I had to post-process the output file, however, as I’ve been creating my posts using the MT Kwiki plugin. This meant that none of my links imported correctly. I spent much too long wrestling with vim’s non-greedy regular expressions before giving up and processing the data in Perl instead:
perl -pe 's/[(http:.*?) (.*?)]/$2/g' mt-dump.txt | perl -pe 's/[(.*?) (http:.*?)]/$1/g' > deWikied.txt |
Then I had to persuade WordPress to maintain the MT ids. In the old WordPress import script it just inserted the posts by hand, and it was a simple matter of ‘fixing’ the SQL it used to do this. But now the importer calls the same code that is used when you create a post through the normal interface.
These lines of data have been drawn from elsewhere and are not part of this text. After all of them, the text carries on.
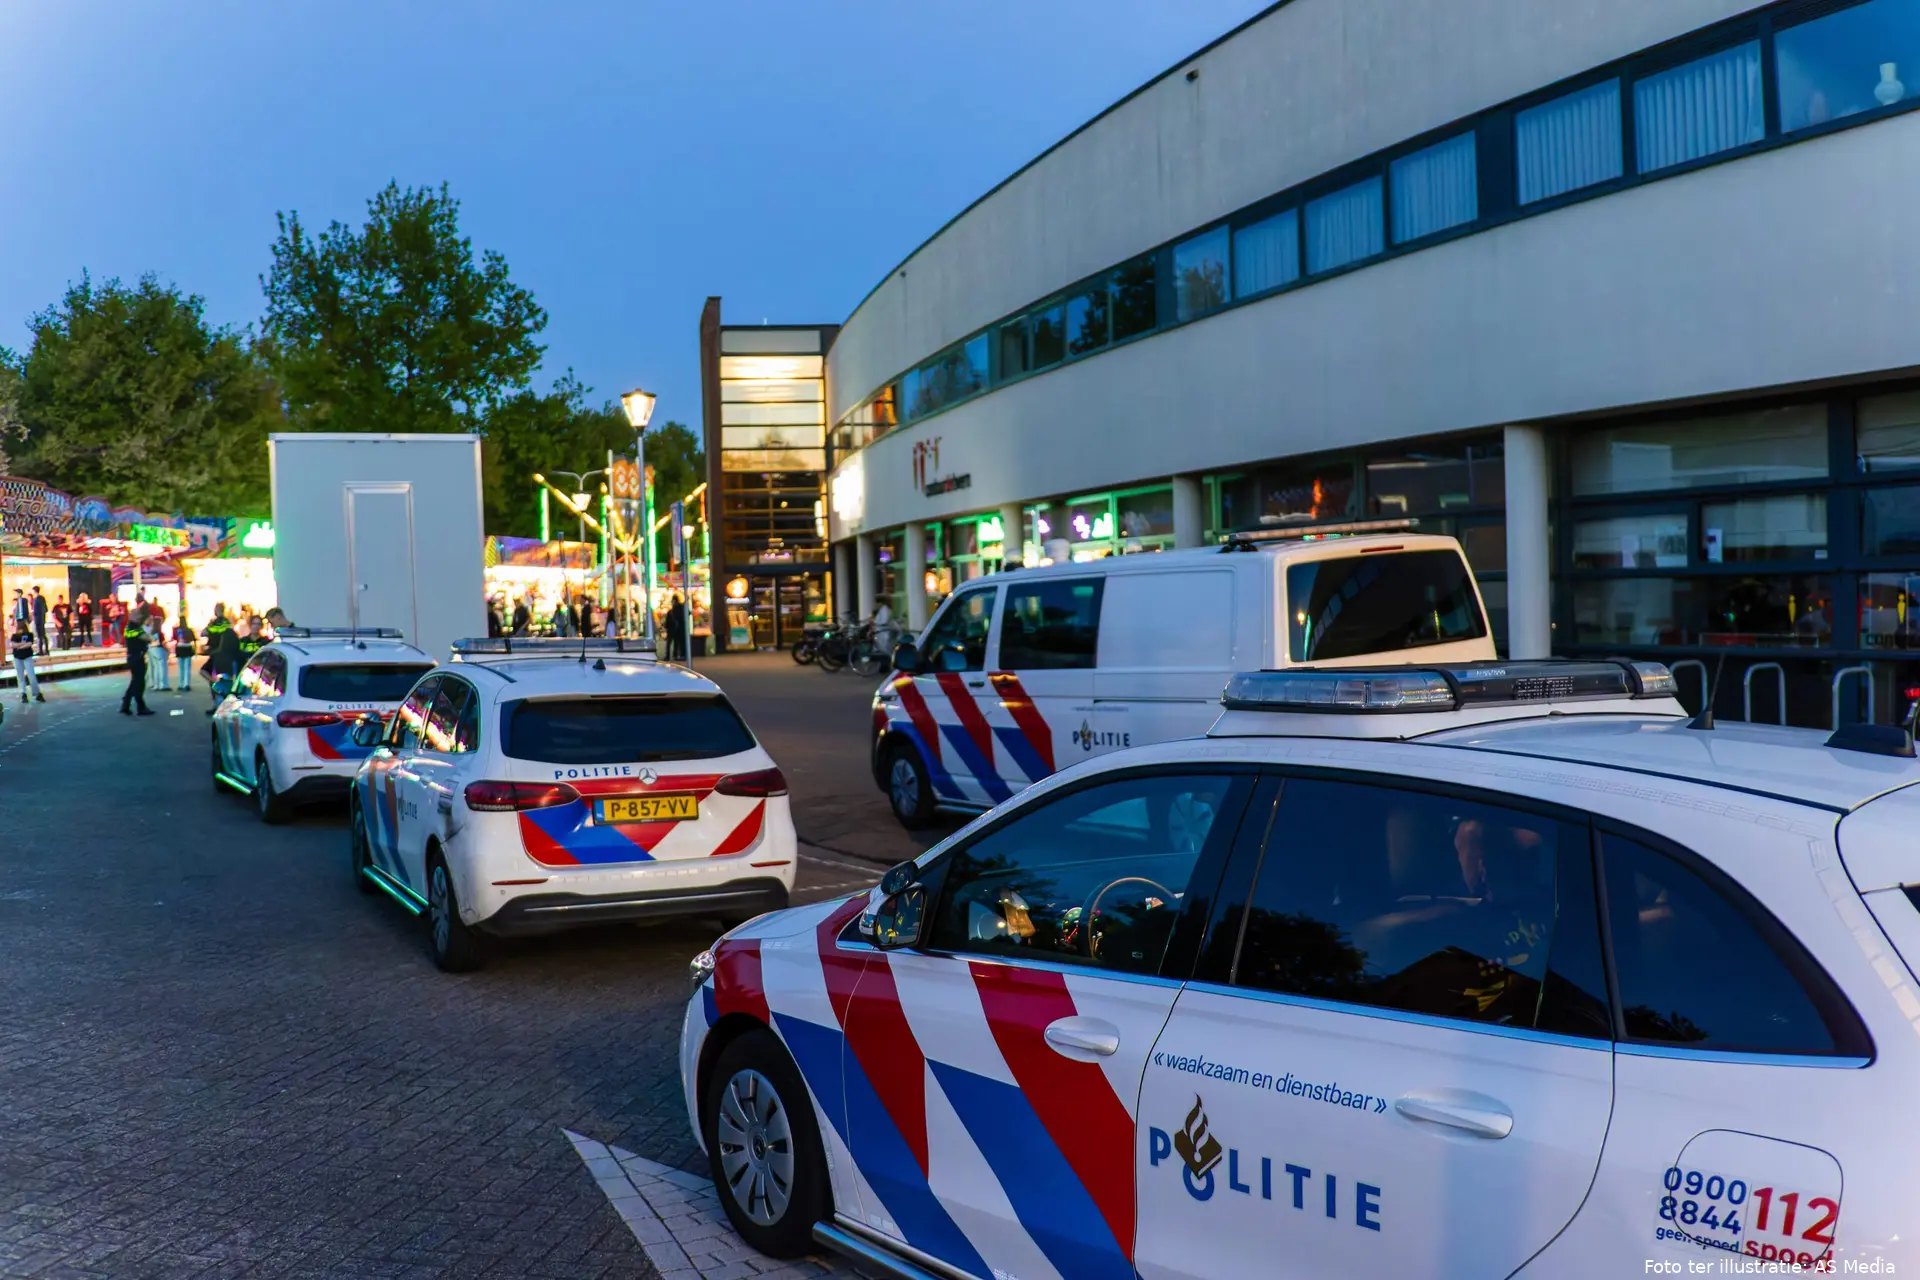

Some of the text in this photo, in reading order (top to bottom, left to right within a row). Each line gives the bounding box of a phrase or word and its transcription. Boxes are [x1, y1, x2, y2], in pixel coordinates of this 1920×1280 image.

[1072, 730, 1130, 751] POLITIE
[554, 765, 632, 779] POLITIE
[610, 798, 689, 818] P-857-VV
[1166, 1054, 1249, 1085] waakzaam
[1251, 1071, 1273, 1090] en
[1275, 1072, 1373, 1111] dienstbaar
[1149, 1126, 1381, 1232] POLITIE
[1663, 1166, 1748, 1206] 0900
[1659, 1196, 1742, 1235] 8844
[1753, 1186, 1838, 1245] 112
So I needed to add a check for the ID into the import/mt.php script:
case 'AUTHOR' : $post_author = $value; break; case 'ID' : $post_ID = $value; break; |
And then fix the call that inserts the data:
$postdata = compact('post_ID','post_author', 'post_date', 'post_date_gmt', ... ); |
Then I needed to adjust the wp_insert_post() call to cope with an incoming post_ID:
if ( !isset($post_ID) ) $post_ID = 0; if ( !isset($post_password) ) $post_password = ''; |
and adjust its SQL accordingly
"INSERT IGNORE INTO $wpdb->posts (id, post_author, post_date, ... ) VALUES ($post_ID, '$post_author', '$post_date', ...)"); |
(The arguments are passed as an extract() of a get_object_vars(), so there’s no need to change any of the other handling).
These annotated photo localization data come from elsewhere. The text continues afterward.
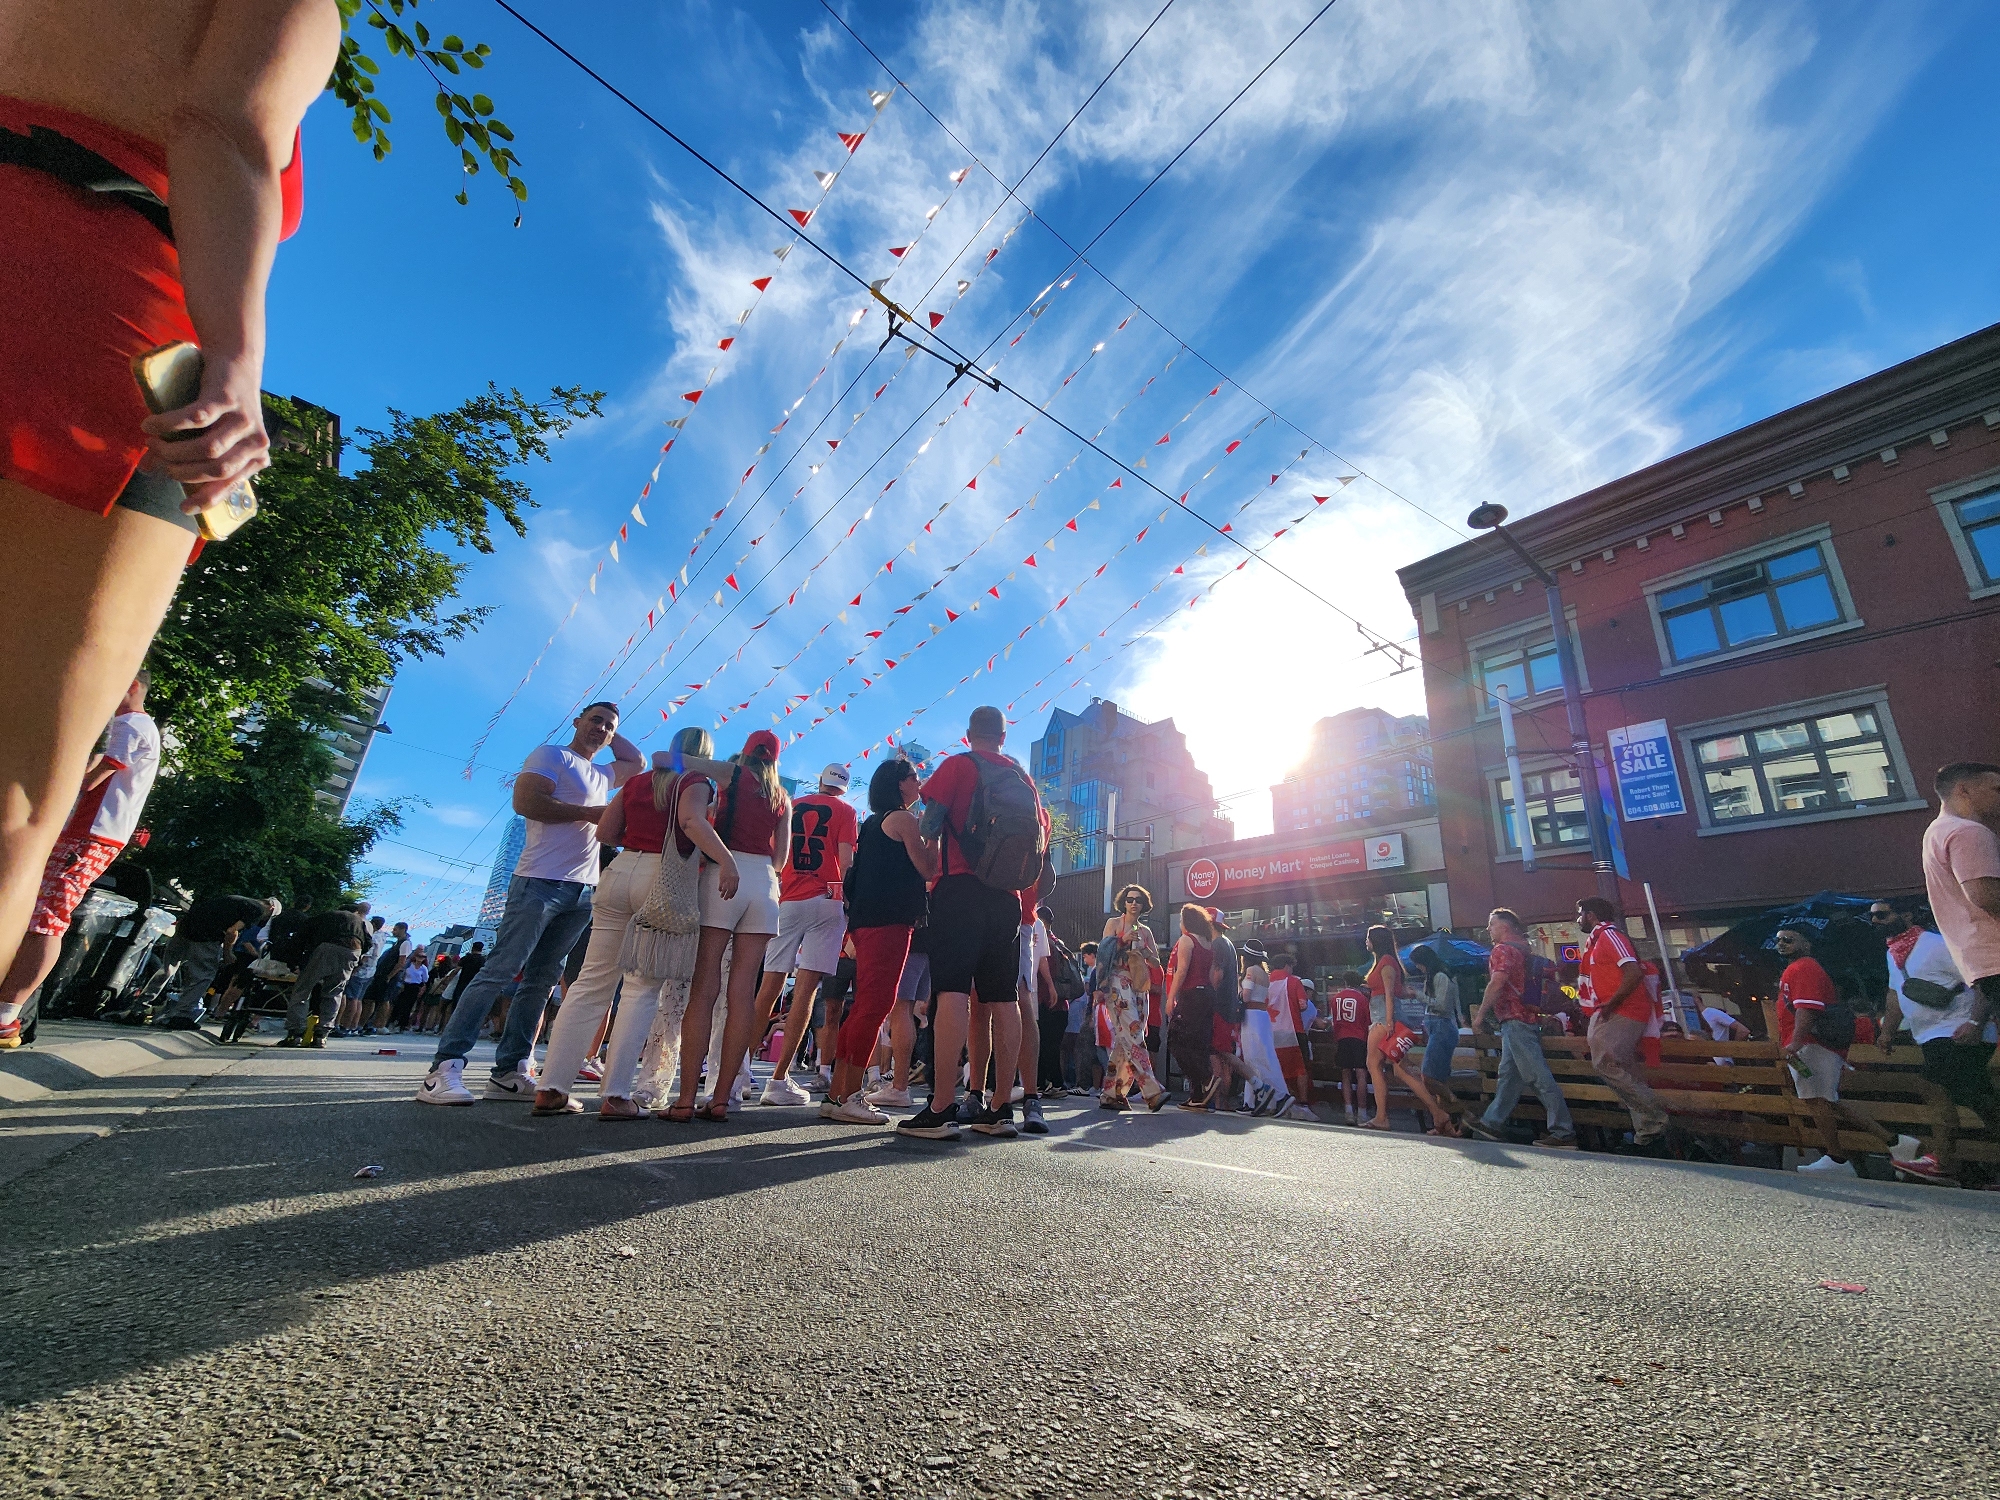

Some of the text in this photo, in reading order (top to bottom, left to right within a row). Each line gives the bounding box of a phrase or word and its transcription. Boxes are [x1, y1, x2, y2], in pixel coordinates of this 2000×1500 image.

[1623, 741, 1658, 759] FOR
[1621, 754, 1667, 775] SALE
[1627, 801, 1681, 815] 604.609.0882
[1309, 852, 1350, 863] Instant Loans
[1309, 857, 1360, 870] Cheque Cashing
[1190, 870, 1216, 881] Money
[1224, 858, 1302, 881] Money Mart
[1194, 880, 1212, 888] Mart
[1336, 997, 1357, 1023] 19
I believe that this is a safe enough approach that won’t interfere with creating new posts or editing old ones, but you can always revert this file back after importing if there are any problems.
With this in place, I was able to import all my old posts. (There were a lot of them, so I actually had to split the file and import 4 segments in turn). The other thing that the docs don’t make clear is that you need to have an upload directory which is writable by your webserver, but that was easy enough to work out from the error message.
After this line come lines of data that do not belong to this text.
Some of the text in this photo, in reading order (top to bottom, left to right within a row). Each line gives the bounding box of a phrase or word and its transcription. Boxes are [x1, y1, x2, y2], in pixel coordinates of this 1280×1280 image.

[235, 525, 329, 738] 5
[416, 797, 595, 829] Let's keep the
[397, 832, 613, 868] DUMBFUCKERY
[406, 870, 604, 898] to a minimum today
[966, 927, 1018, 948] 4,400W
They all came in with the same IDs as they used to have, so then it was just a matter of setting up some Apache redirects on the old server:
Redirect permanent /nothing/index.rdf http://nothing.tmtm.com/feed/ RedirectMatch permanent /nothing/archives/([0-9]{6}).html http://nothing.tmtm.com/archives/$1 RedirectMatch permanent /nothing/archives/([0-9]{4})_([0-9]{2}).html http://nothing.tmtm.com/archives/date/$1/$2 RedirectMatch permanent /nothing/archives/([0-9]{4})_([0-9]{2})_([0-9]{2}).html http://nothing.tmtm.com/archives/date/$1/$2/$3 RedirectMatch permanent /nothing/archives/([0-9]{4})_([0-9]{2})_([0-9]{2}).html http://nothing.tmtm.com/archives/date/$1/$2/$3
(I’ve already changed my permalink structure in WordPress to have this style of URL)
There will be many more things to change later to replicate the changes I’d made to my MT set-up, but this at least gets me up and running on WordPress.